Segment Start: Data in this exercise

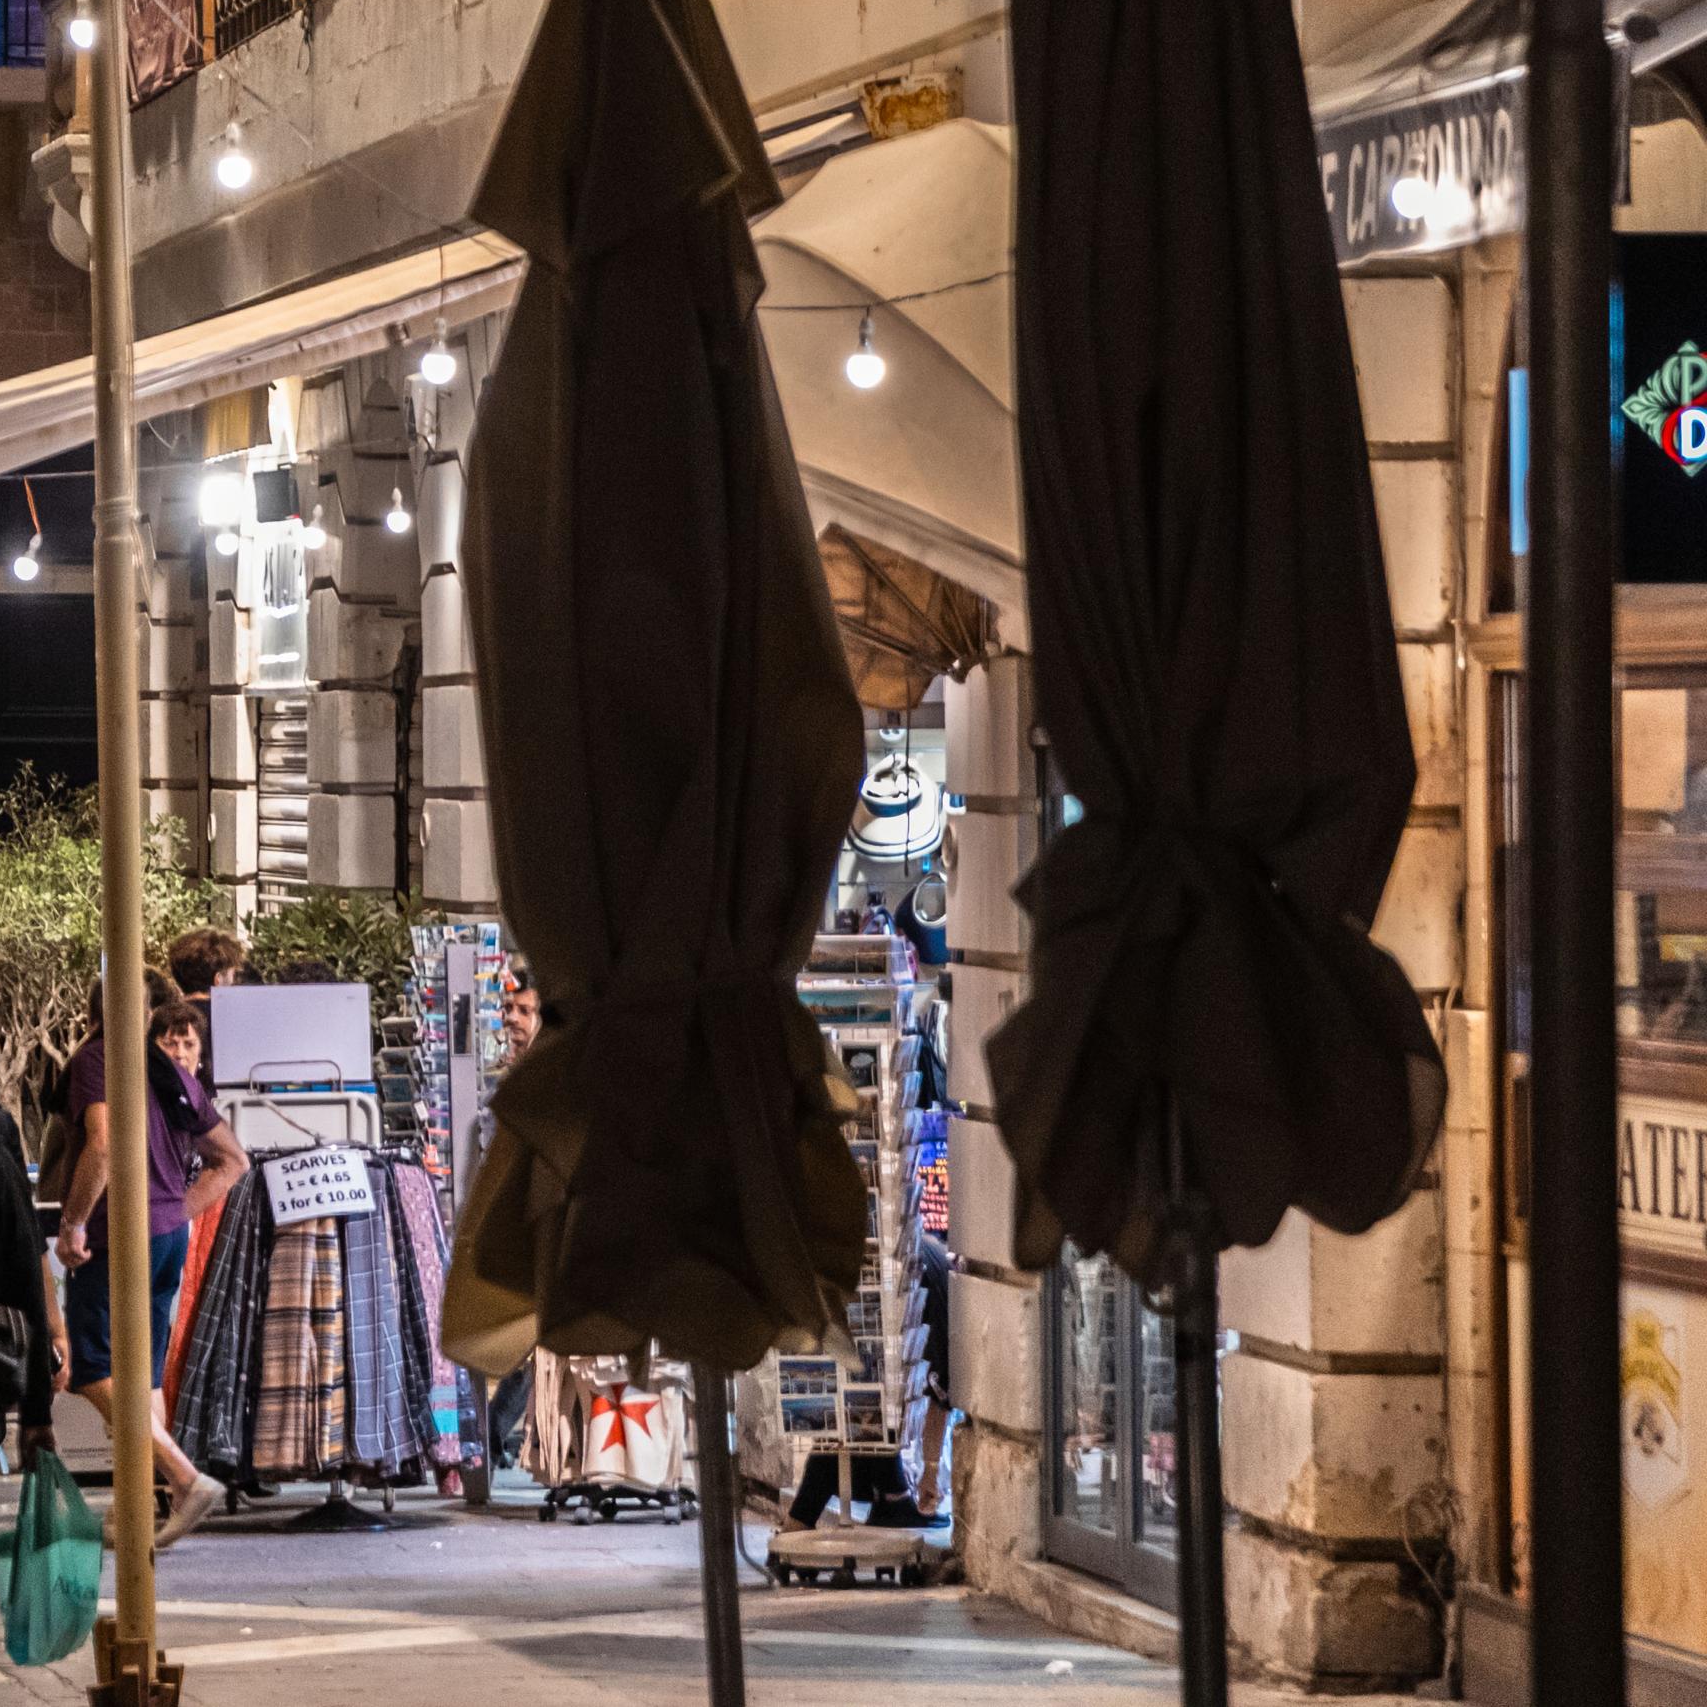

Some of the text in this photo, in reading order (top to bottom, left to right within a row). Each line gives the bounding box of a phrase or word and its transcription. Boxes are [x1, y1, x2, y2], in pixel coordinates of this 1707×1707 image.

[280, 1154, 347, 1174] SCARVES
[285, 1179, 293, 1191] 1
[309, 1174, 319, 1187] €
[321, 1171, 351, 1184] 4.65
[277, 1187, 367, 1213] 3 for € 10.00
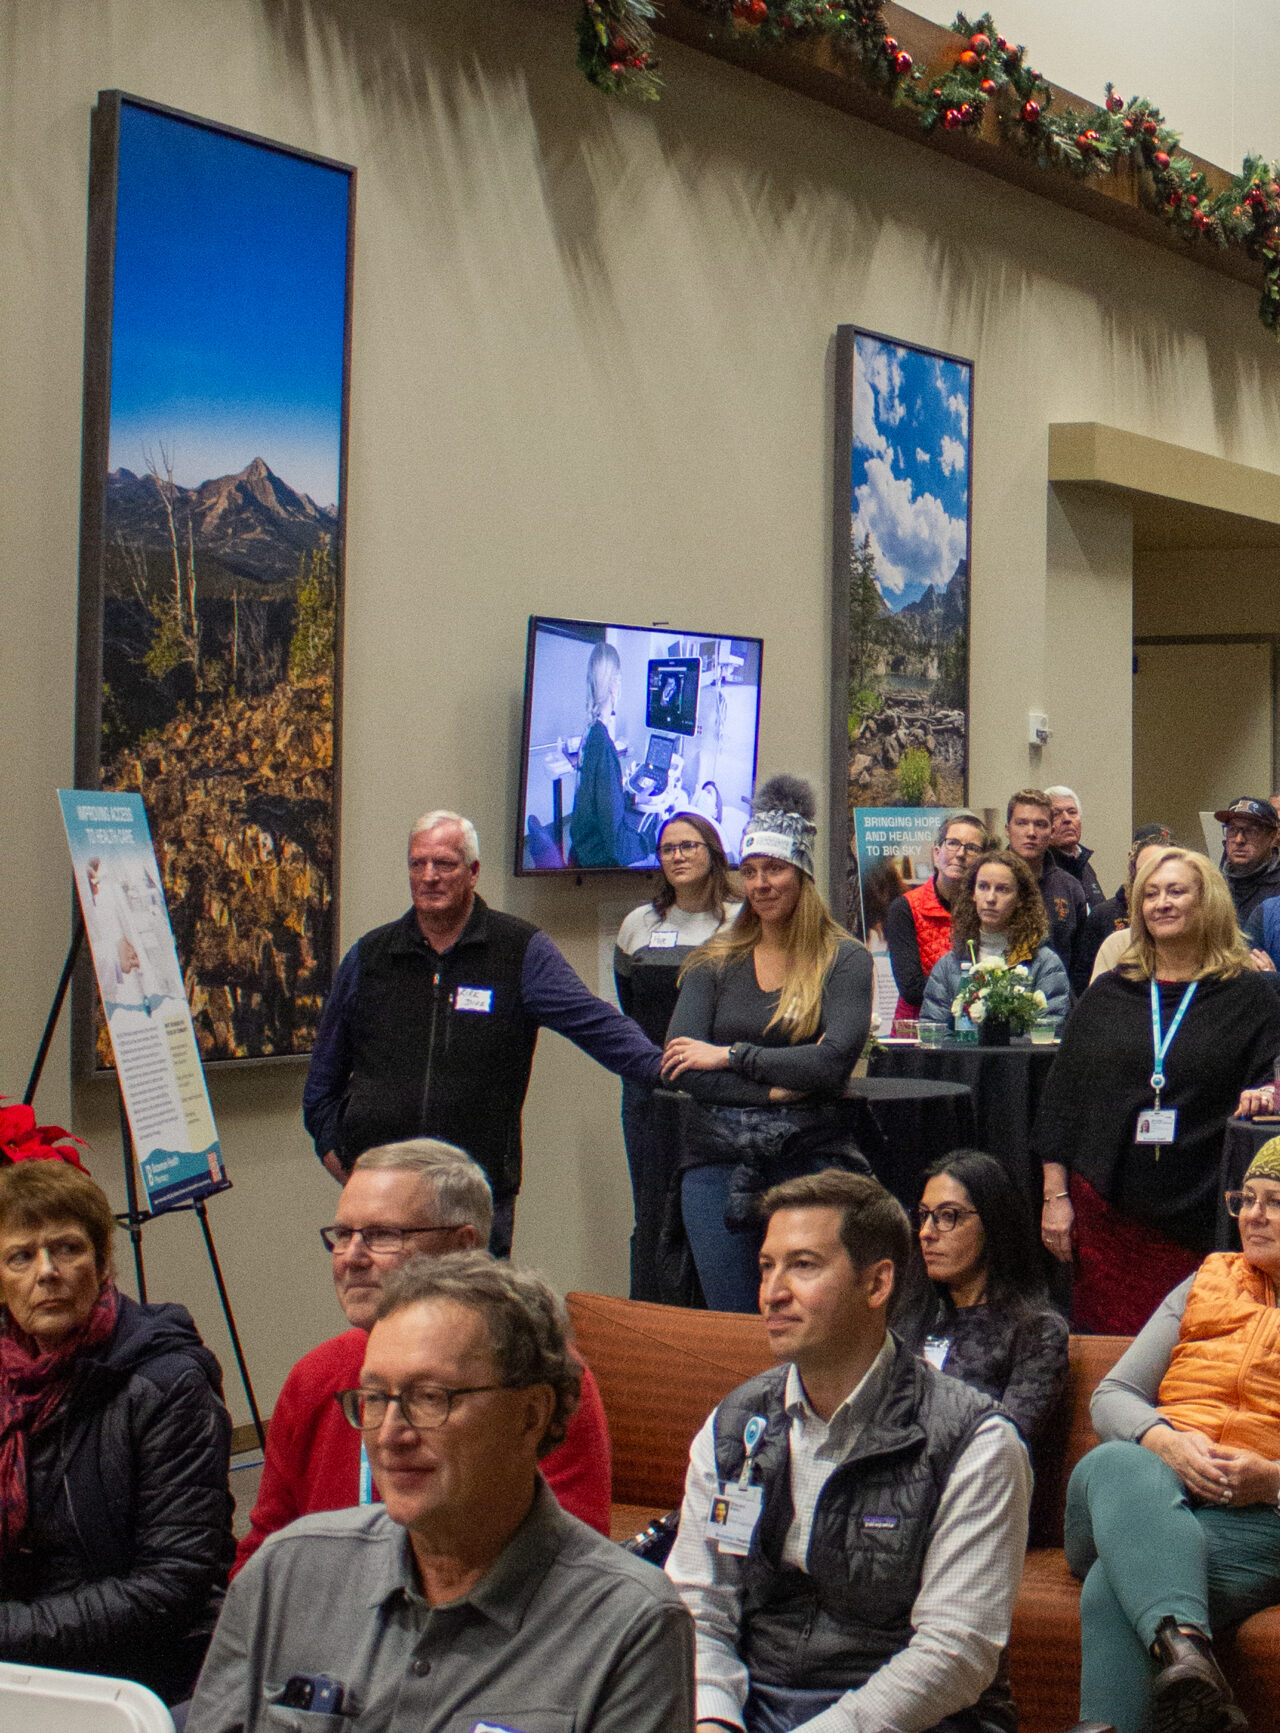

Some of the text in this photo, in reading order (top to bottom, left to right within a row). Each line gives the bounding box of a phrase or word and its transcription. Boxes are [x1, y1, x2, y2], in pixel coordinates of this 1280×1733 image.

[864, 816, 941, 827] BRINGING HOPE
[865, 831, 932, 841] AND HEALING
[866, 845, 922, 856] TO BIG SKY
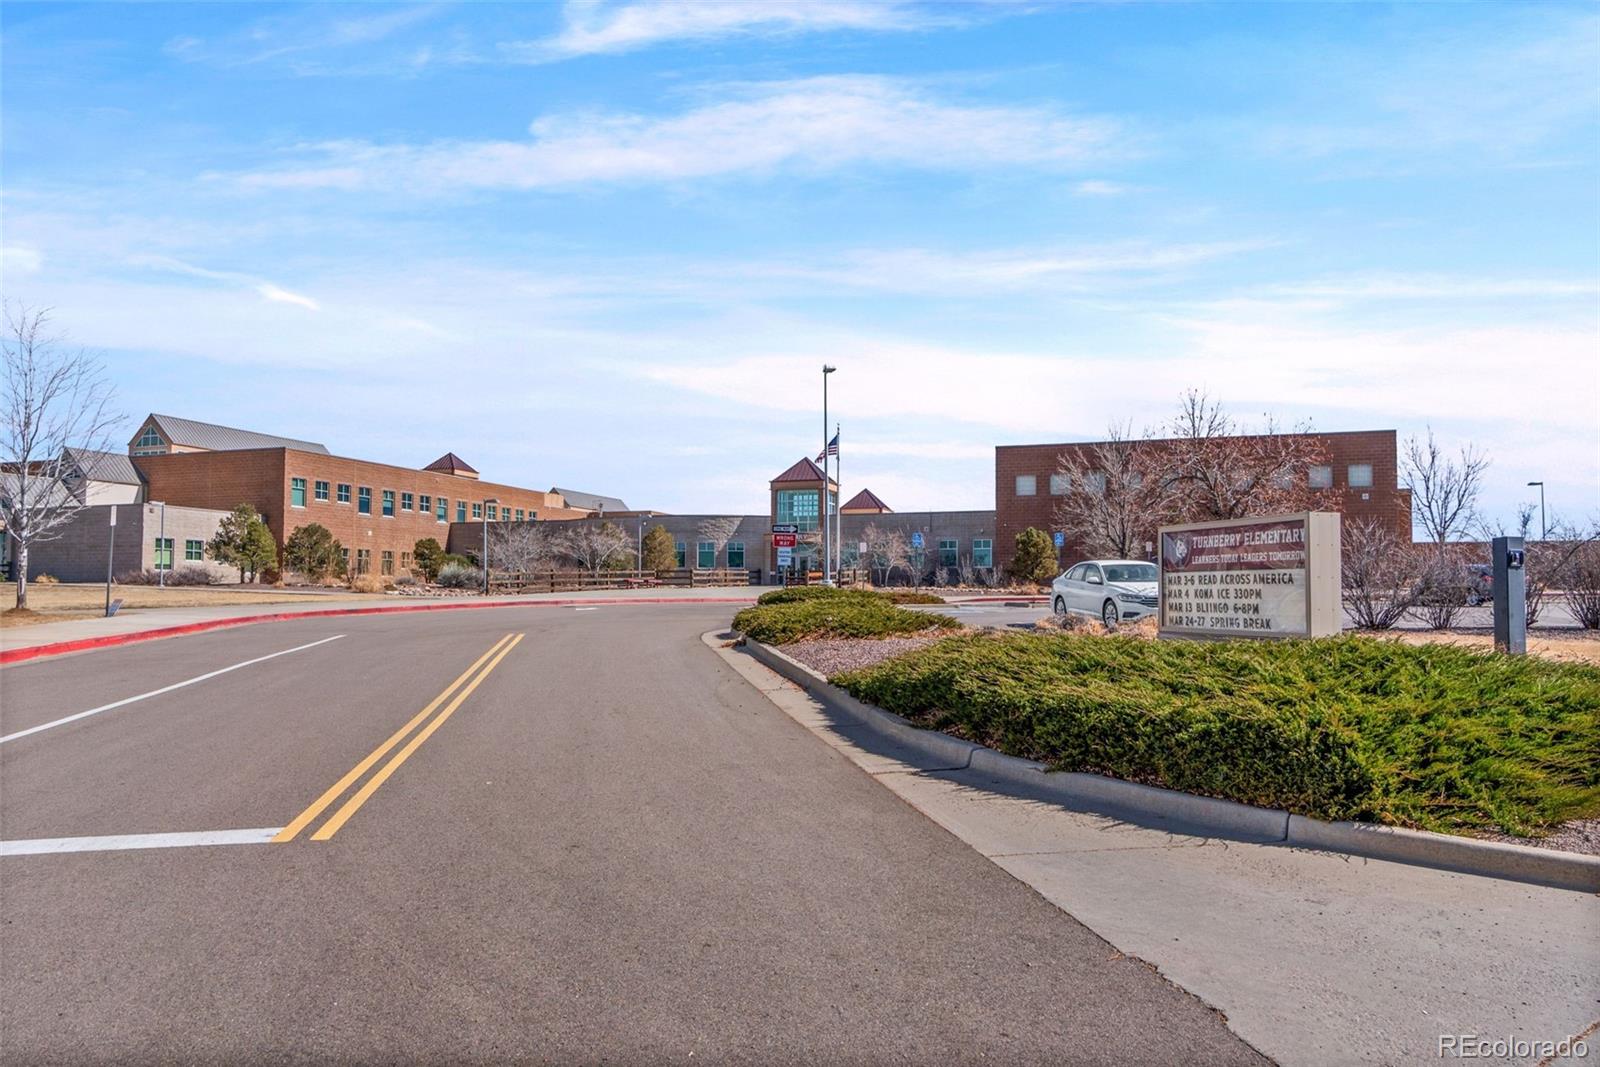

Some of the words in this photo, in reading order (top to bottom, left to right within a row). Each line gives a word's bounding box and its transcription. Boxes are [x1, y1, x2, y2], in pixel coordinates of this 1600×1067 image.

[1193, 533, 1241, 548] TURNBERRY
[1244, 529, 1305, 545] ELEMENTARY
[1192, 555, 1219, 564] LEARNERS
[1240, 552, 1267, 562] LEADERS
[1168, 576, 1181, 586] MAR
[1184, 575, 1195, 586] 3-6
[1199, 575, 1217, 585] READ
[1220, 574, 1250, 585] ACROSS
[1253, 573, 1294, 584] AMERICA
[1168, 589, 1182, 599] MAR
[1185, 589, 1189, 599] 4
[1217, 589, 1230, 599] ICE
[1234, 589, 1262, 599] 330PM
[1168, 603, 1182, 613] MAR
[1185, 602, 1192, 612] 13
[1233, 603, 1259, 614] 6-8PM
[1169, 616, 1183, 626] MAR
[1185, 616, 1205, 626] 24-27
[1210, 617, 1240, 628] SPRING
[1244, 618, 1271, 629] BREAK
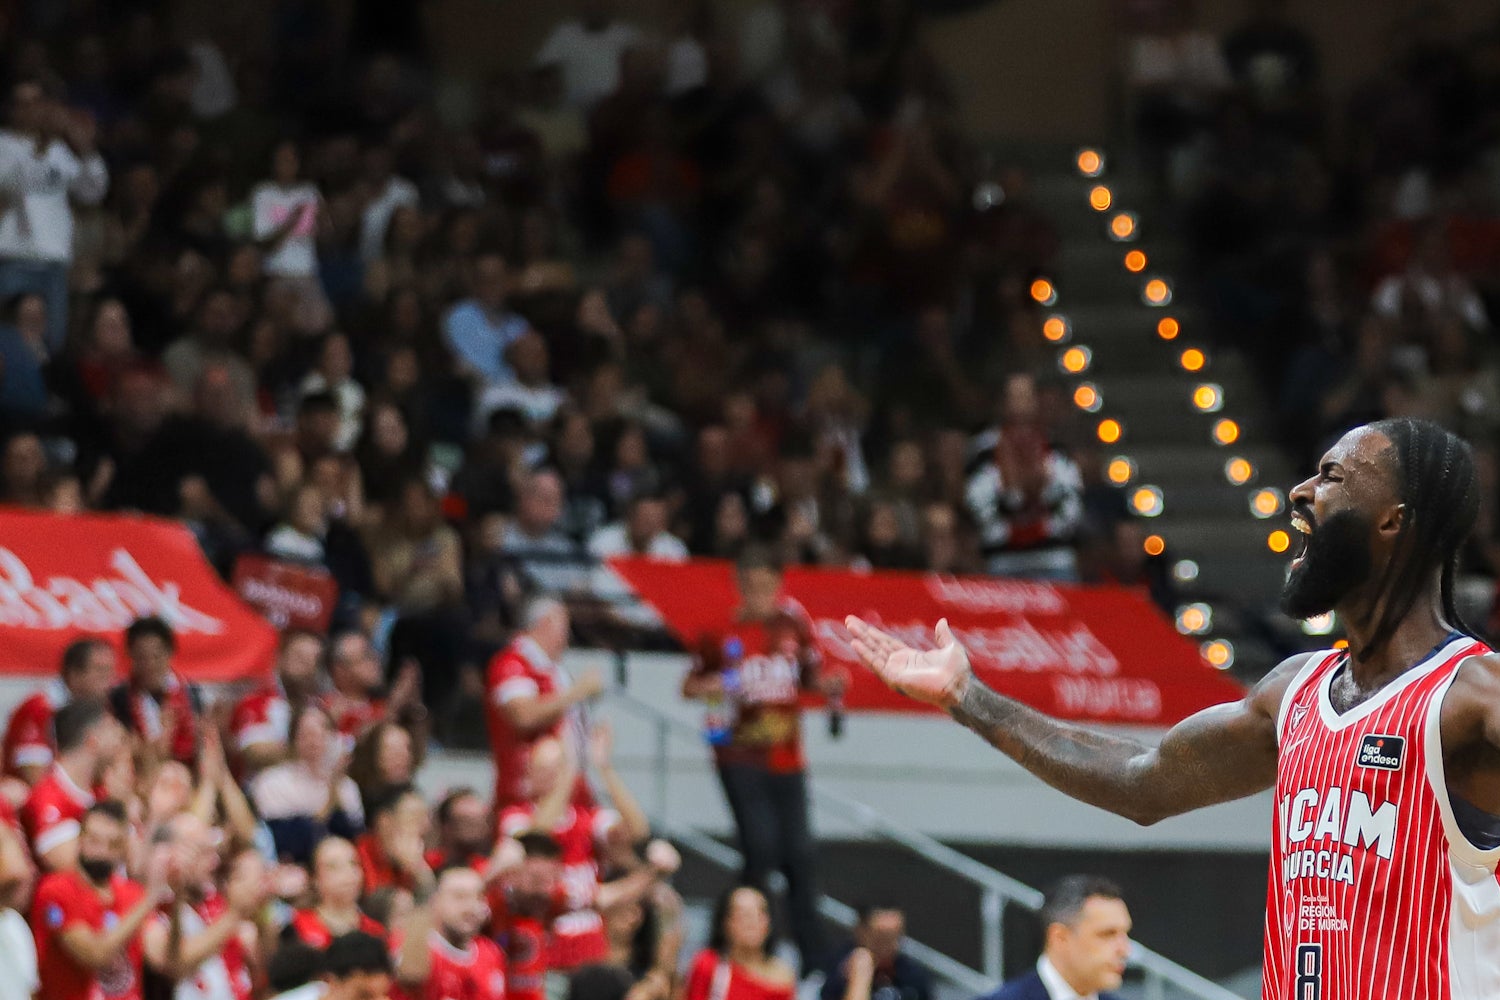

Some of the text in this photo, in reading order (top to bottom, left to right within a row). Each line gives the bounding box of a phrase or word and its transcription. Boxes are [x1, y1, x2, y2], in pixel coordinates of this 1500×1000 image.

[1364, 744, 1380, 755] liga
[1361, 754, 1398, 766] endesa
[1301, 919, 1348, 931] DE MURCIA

Segment End: Data in this exercise

#### What needs to be done
Set every record down again verbatim, without pictures.

#### Written reply
Some of the text in this photo, in reading order (top to bottom, left to right within a row). Each line gives the bounding box of a phrase or word and its transcription. Boxes are [x1, y1, x2, y2], in pixel coordinates of this 1707×1707 image.

[280, 1154, 347, 1174] SCARVES
[285, 1179, 293, 1191] 1
[309, 1174, 319, 1187] €
[321, 1171, 351, 1184] 4.65
[277, 1187, 367, 1213] 3 for € 10.00

Some of the text in this photo, in reading order (top to bottom, left to right within a row). Each line gives the bounding box of a phrase or word and its transcription. Boxes are [x1, y1, x2, y2], in pixel coordinates of this 1280×1733 image.

[864, 816, 941, 827] BRINGING HOPE
[865, 831, 932, 841] AND HEALING
[866, 845, 922, 856] TO BIG SKY

Some of the words in this photo, in reading order (top to bottom, left to right within a row). Each line gives a word's bounding box and its transcription. Boxes are [x1, y1, x2, y2], in pixel coordinates of this 1600×1067 image.

[1193, 533, 1241, 548] TURNBERRY
[1244, 529, 1305, 545] ELEMENTARY
[1192, 555, 1219, 564] LEARNERS
[1240, 552, 1267, 562] LEADERS
[1168, 576, 1181, 586] MAR
[1184, 575, 1195, 586] 3-6
[1199, 575, 1217, 585] READ
[1220, 574, 1250, 585] ACROSS
[1253, 573, 1294, 584] AMERICA
[1168, 589, 1182, 599] MAR
[1185, 589, 1189, 599] 4
[1217, 589, 1230, 599] ICE
[1234, 589, 1262, 599] 330PM
[1168, 603, 1182, 613] MAR
[1185, 602, 1192, 612] 13
[1233, 603, 1259, 614] 6-8PM
[1169, 616, 1183, 626] MAR
[1185, 616, 1205, 626] 24-27
[1210, 617, 1240, 628] SPRING
[1244, 618, 1271, 629] BREAK

Some of the text in this photo, in reading order (top to bottom, left to right within a row). Each line gives the bounding box of a phrase or word and its transcription. Boxes are [x1, y1, x2, y2], in pixel coordinates of this 1500×1000 image.

[1364, 744, 1380, 755] liga
[1361, 754, 1398, 766] endesa
[1301, 919, 1348, 931] DE MURCIA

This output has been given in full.